Every capex boom gets compared to the railroads or the internet. But this one has a twist: the customers are also the builders.

In the 1800s, railroads laid track to connect cities. In the 1990s, telecoms built fiber to connect people. Today, the hyperscalers are building data centers to connect machines. And those machines? They’re not just consumers—they’re the ones driving demand.

This creates a self-reinforcing cycle. More AI models = more data = more compute needed = more capex. It’s a flywheel, and it’s spinning faster than any capex boom in history.

A side-by-side comparison of the railroad expansion in the 1800s, the internet buildout in the 1990s, and the AI data center buildout in the 2020s, showing the exponential growth in capex and infrastructure scale.
The railroads, the internet, and now AI. Each capex supercycle rewrote the rules of investing.

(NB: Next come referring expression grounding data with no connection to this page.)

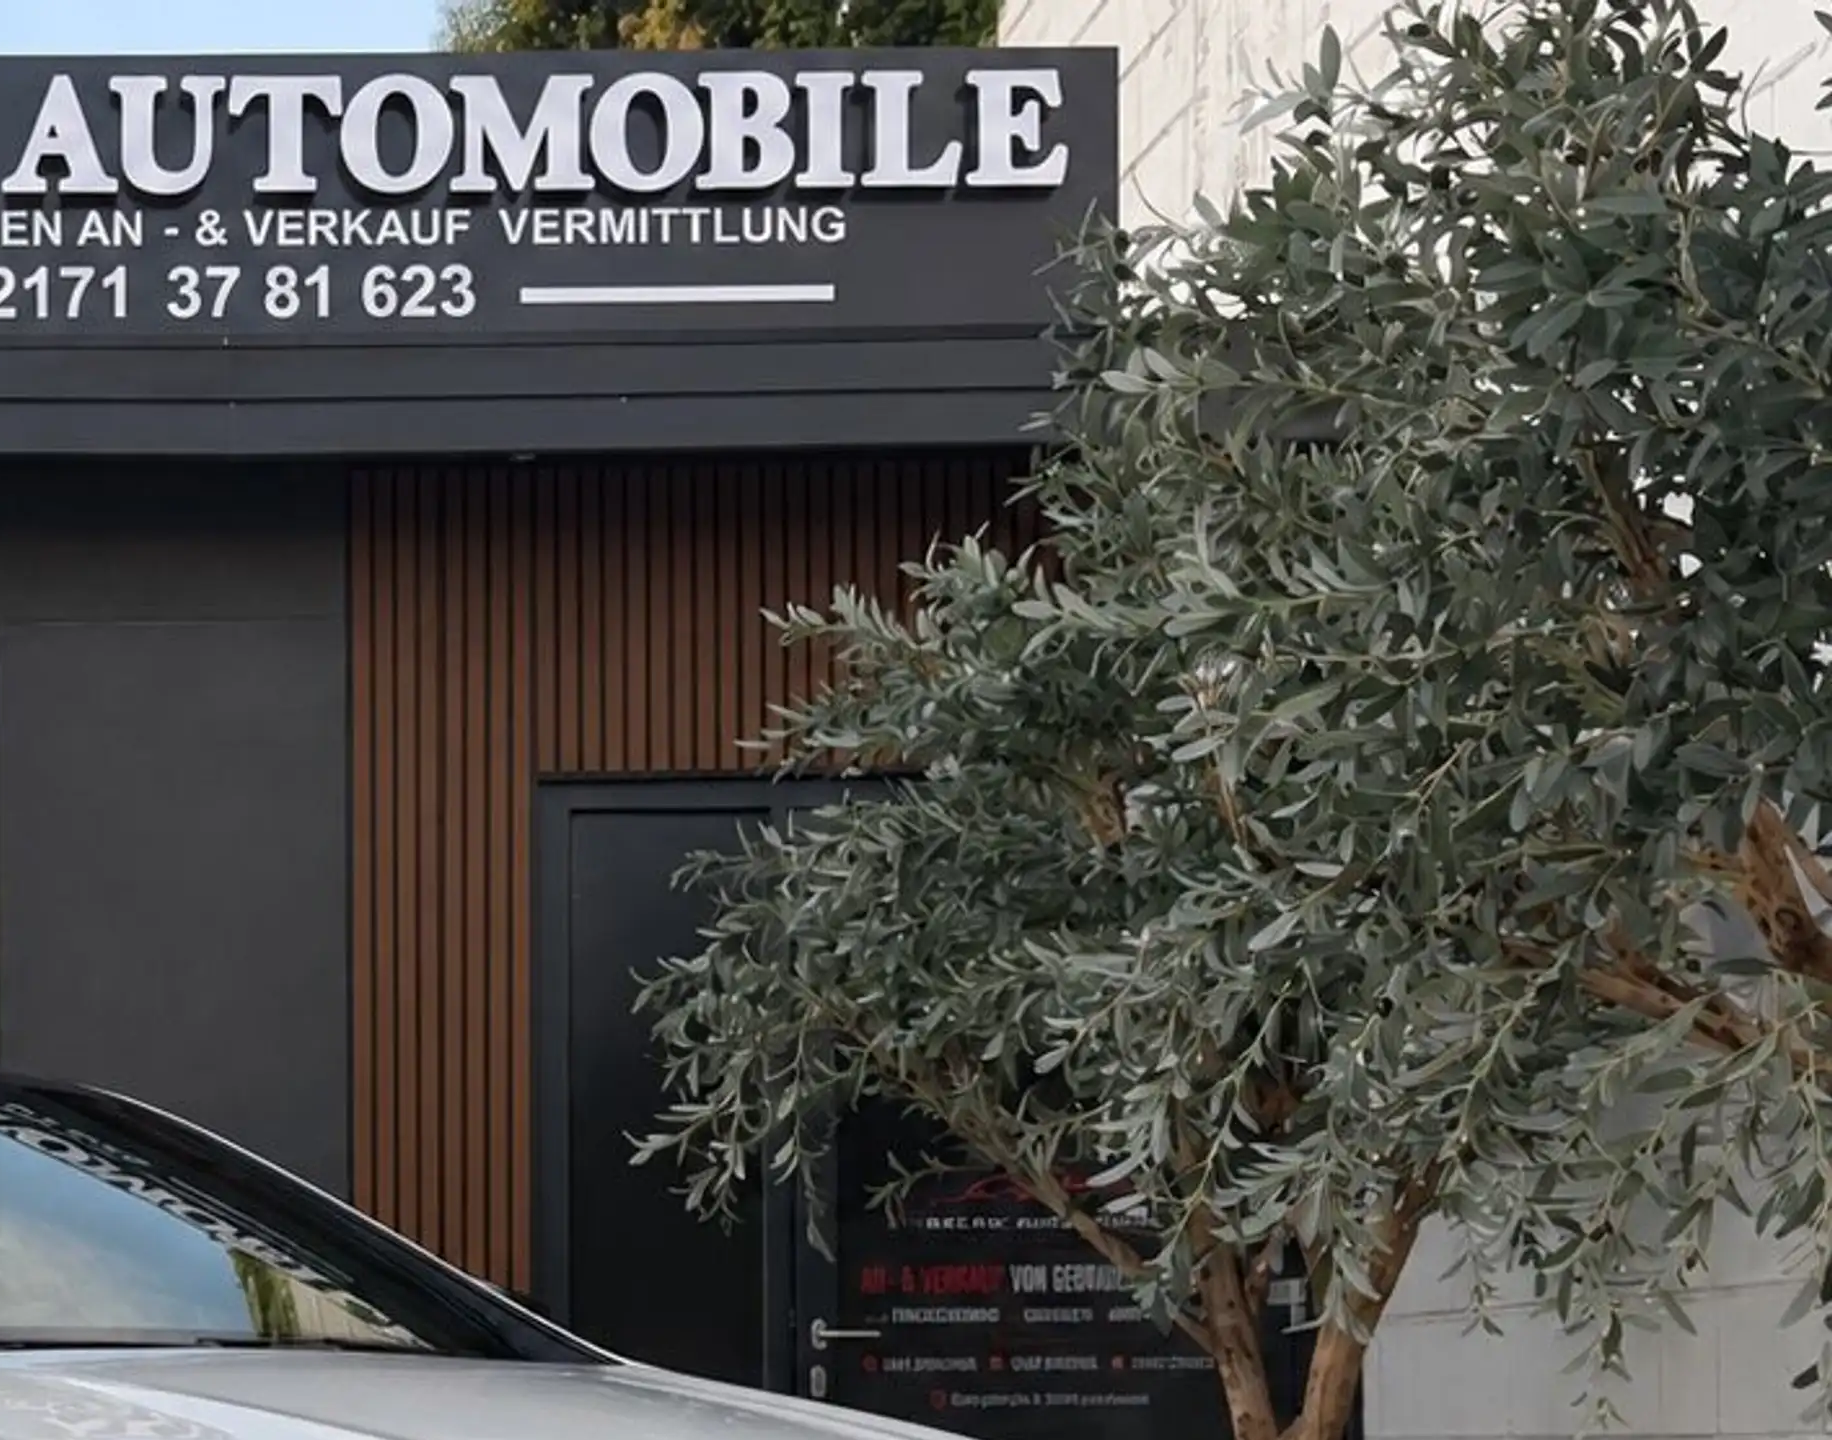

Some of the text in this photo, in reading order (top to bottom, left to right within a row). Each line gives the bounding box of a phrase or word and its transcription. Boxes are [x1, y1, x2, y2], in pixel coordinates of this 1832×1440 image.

[1, 69, 1069, 194] AUTOMOBILE
[77, 209, 142, 246] AN
[195, 209, 228, 246] &
[243, 209, 471, 246] VERKAUF
[498, 206, 846, 245] VERMITTLUNG
[167, 265, 241, 319] 37
[264, 265, 329, 318] 81
[362, 264, 476, 318] 623
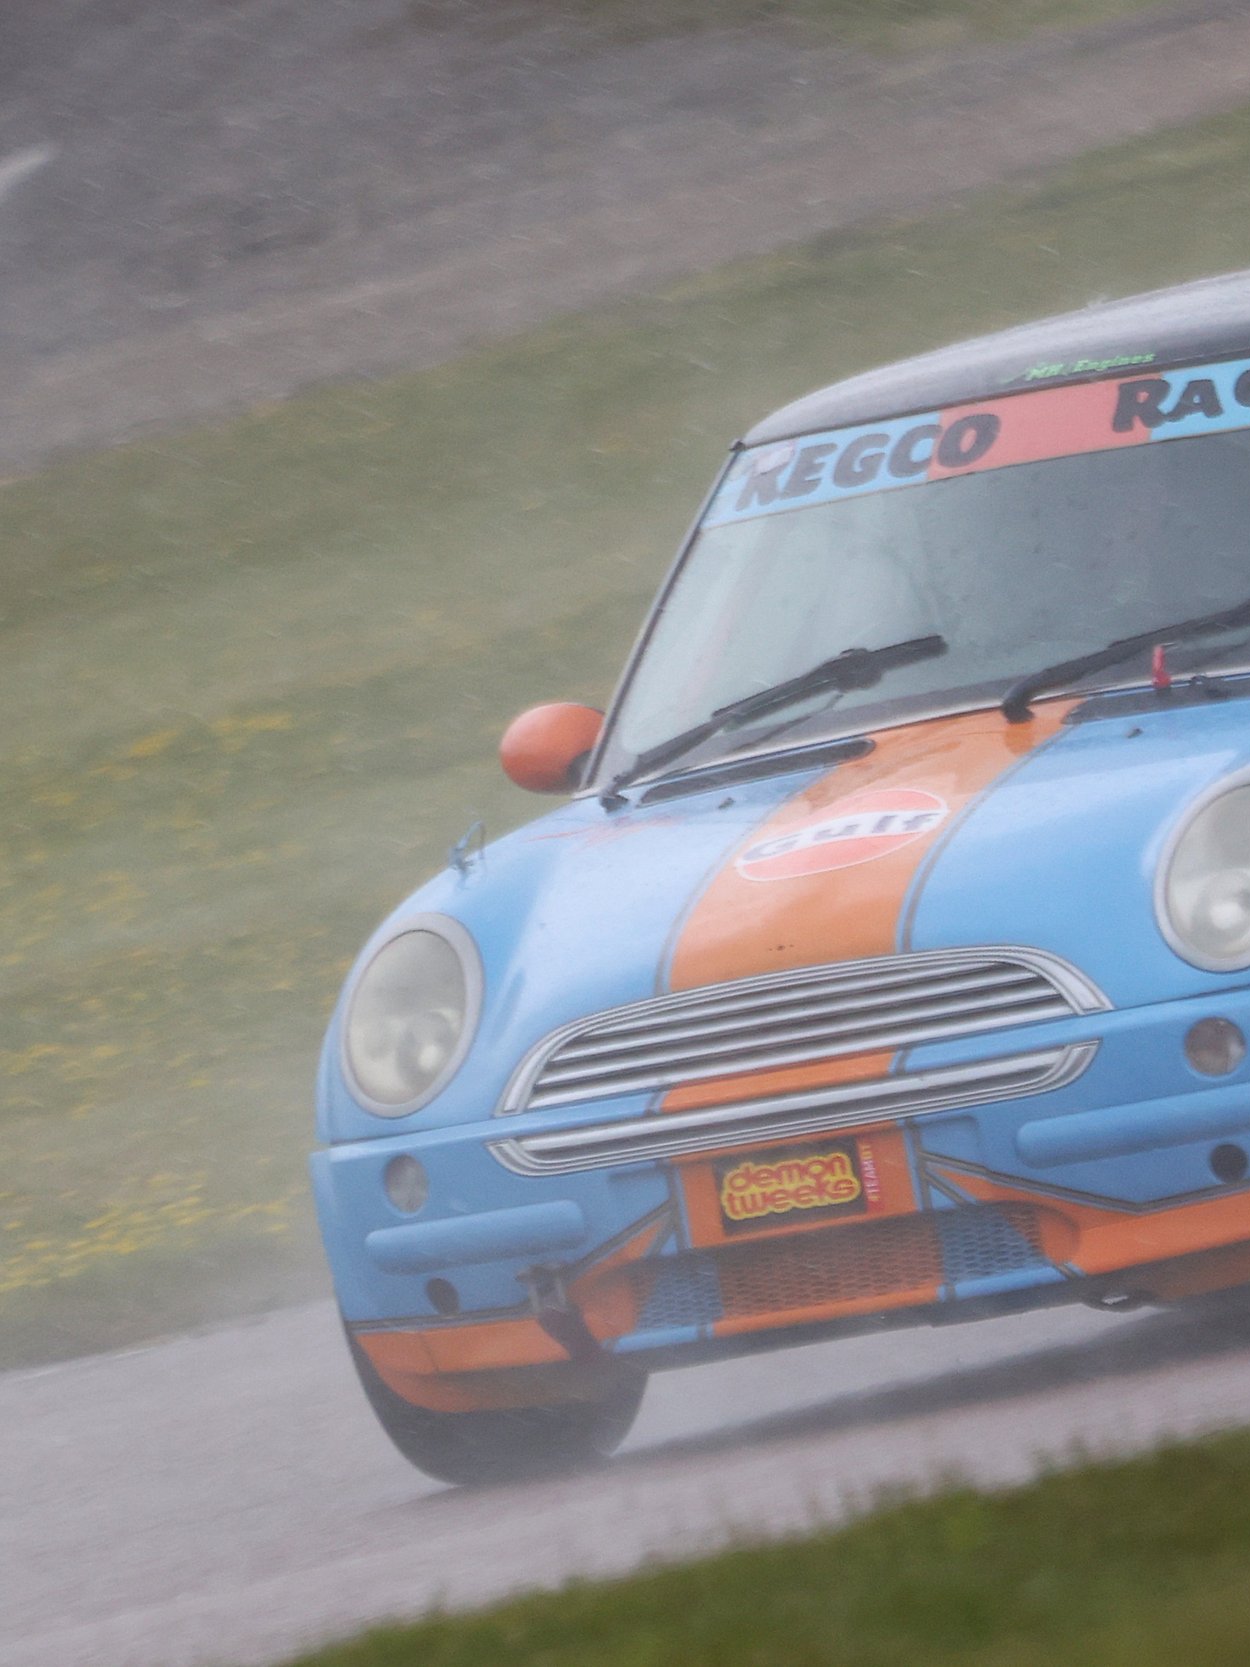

The Risks: When Capex Becomes a Casino

Of course, it’s not all sunshine and GPUs. The S&P’s warning about bank exposure to hedge funds isn’t just noise—it’s a reminder that leverage loves a capex boom, and leverage loves to blow up.

Hedge funds are piling into AI data center stocks with borrowed money. That’s fine—until it’s not. If the capex cycle slows or valuations correct, the unwind could get messy. And let’s not forget: the S&P 500’s forward P/E ratio is already stretched, sitting at 21.4x—above its 10-year average.